EXERCISE DIRECTIONS ::
Set the entries down once more, exactly as they are worded.
*** Opening RECORDS FOR THIS EXERCISE ***
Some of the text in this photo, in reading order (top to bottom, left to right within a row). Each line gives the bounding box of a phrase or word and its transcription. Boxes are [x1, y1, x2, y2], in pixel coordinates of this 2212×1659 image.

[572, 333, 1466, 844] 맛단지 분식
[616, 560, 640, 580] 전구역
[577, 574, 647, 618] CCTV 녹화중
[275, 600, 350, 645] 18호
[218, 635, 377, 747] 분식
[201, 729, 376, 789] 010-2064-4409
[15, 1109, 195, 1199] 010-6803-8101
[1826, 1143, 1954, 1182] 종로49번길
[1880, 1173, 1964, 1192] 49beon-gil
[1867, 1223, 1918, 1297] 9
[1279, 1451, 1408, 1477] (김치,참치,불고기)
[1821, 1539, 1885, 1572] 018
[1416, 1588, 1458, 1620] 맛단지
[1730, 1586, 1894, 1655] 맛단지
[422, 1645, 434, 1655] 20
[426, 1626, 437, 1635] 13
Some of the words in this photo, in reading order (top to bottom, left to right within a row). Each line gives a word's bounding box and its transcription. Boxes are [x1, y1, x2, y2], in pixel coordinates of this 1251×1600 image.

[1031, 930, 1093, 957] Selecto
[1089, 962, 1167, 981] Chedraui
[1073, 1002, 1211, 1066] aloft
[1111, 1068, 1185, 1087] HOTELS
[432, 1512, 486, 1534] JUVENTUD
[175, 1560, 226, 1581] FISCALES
*** Closing RECORDS FOR THIS EXERCISE ***
EXERCISE OUTPUT ::
Some of the text in this photo, in reading order (top to bottom, left to right within a row). Each line gives the bounding box of a phrase or word and its transcription. Boxes are [x1, y1, x2, y2], in pixel coordinates of this 2212×1659 image.

[572, 333, 1466, 844] 맛단지 분식
[616, 560, 640, 580] 전구역
[577, 574, 647, 618] CCTV 녹화중
[275, 600, 350, 645] 18호
[218, 635, 377, 747] 분식
[201, 729, 376, 789] 010-2064-4409
[15, 1109, 195, 1199] 010-6803-8101
[1826, 1143, 1954, 1182] 종로49번길
[1880, 1173, 1964, 1192] 49beon-gil
[1867, 1223, 1918, 1297] 9
[1279, 1451, 1408, 1477] (김치,참치,불고기)
[1821, 1539, 1885, 1572] 018
[1416, 1588, 1458, 1620] 맛단지
[1730, 1586, 1894, 1655] 맛단지
[422, 1645, 434, 1655] 20
[426, 1626, 437, 1635] 13
Some of the words in this photo, in reading order (top to bottom, left to right within a row). Each line gives a word's bounding box and its transcription. Boxes are [x1, y1, x2, y2], in pixel coordinates of this 1251×1600 image.

[1031, 930, 1093, 957] Selecto
[1089, 962, 1167, 981] Chedraui
[1073, 1002, 1211, 1066] aloft
[1111, 1068, 1185, 1087] HOTELS
[432, 1512, 486, 1534] JUVENTUD
[175, 1560, 226, 1581] FISCALES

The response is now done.